◆ **Spatial localization data**:
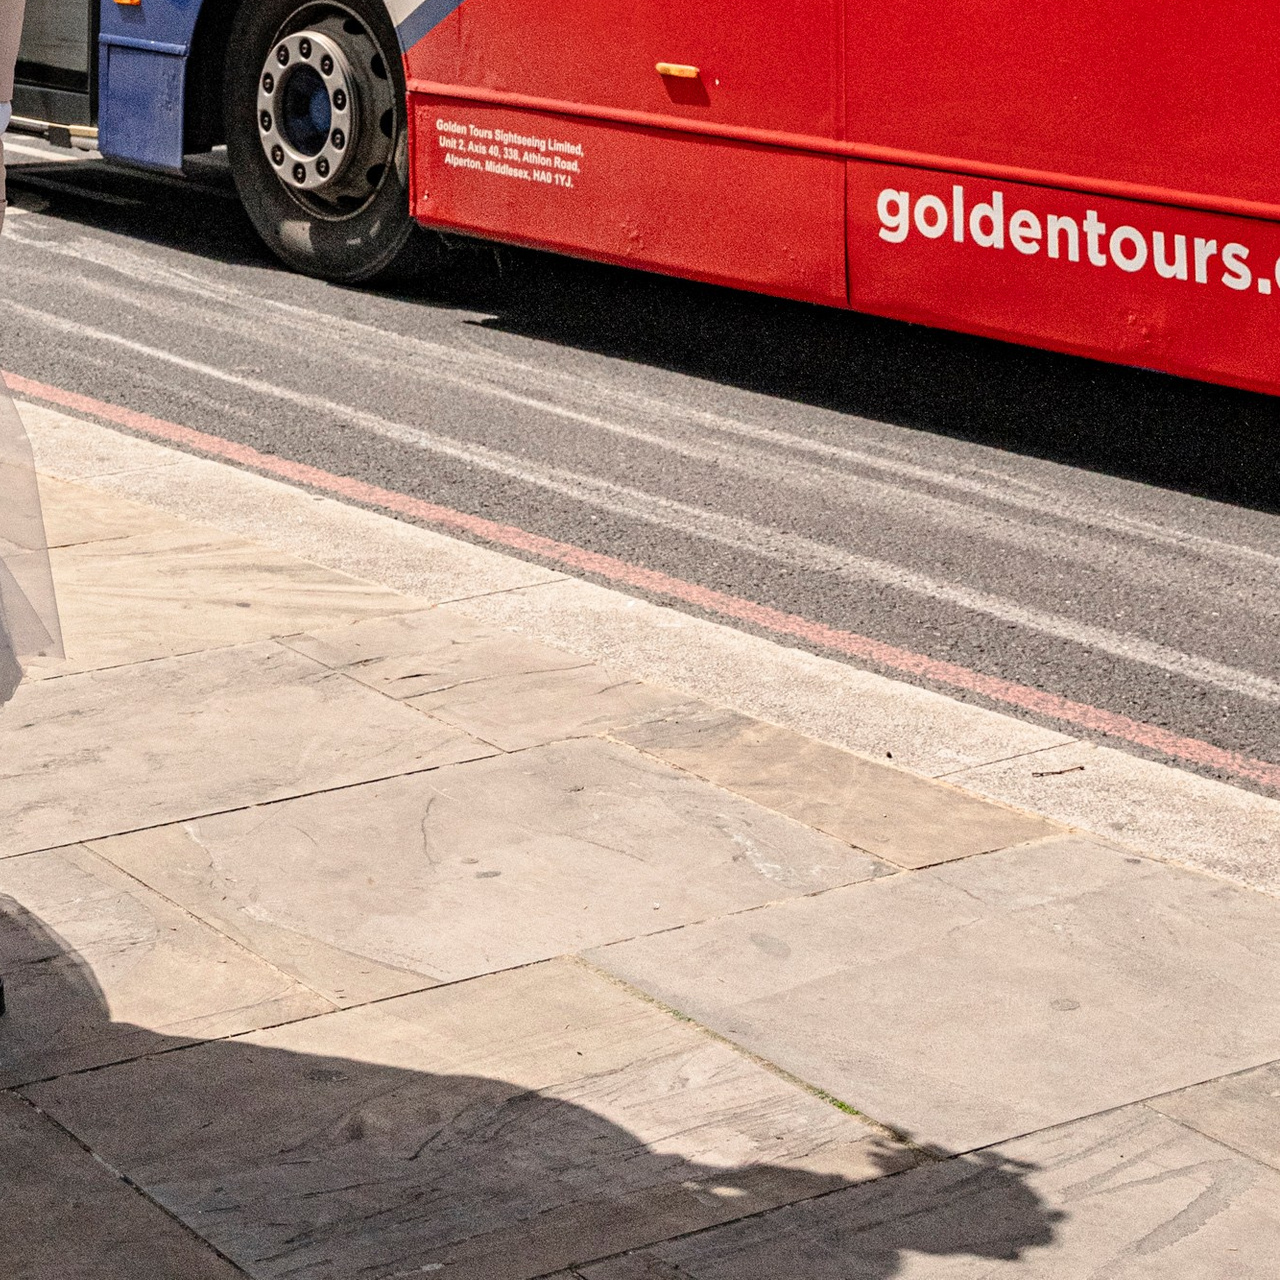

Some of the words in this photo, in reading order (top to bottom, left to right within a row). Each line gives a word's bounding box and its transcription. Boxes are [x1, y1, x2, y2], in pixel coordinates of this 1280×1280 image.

[436, 119, 467, 135] Golden
[468, 124, 493, 140] Tours
[494, 128, 547, 152] Sightseeing
[548, 138, 585, 158] Limited,
[439, 135, 457, 150] Unit
[458, 139, 466, 153] 2,
[467, 141, 487, 155] Axis
[488, 145, 501, 159] 40,
[503, 146, 521, 164] 338,
[522, 151, 552, 168] Athlon
[553, 155, 581, 175] Road,
[444, 152, 483, 172] Alperton,
[485, 160, 531, 182] Middlesex,
[533, 168, 553, 184] HA0
[876, 184, 1280, 295] goldentours.

◆ **Task statement**: Pictures aside, retype all of the entries word for word.

◆ **Finished exercise**:
Some of the words in this photo, in reading order (top to bottom, left to right within a row). Each line gives a word's bounding box and its transcription. Boxes are [x1, y1, x2, y2], in pixel coordinates of this 1280×1280 image.

[436, 119, 467, 135] Golden
[468, 124, 493, 140] Tours
[494, 128, 547, 152] Sightseeing
[548, 138, 585, 158] Limited,
[439, 135, 457, 150] Unit
[458, 139, 466, 153] 2,
[467, 141, 487, 155] Axis
[488, 145, 501, 159] 40,
[503, 146, 521, 164] 338,
[522, 151, 552, 168] Athlon
[553, 155, 581, 175] Road,
[444, 152, 483, 172] Alperton,
[485, 160, 531, 182] Middlesex,
[533, 168, 553, 184] HA0
[876, 184, 1280, 295] goldentours.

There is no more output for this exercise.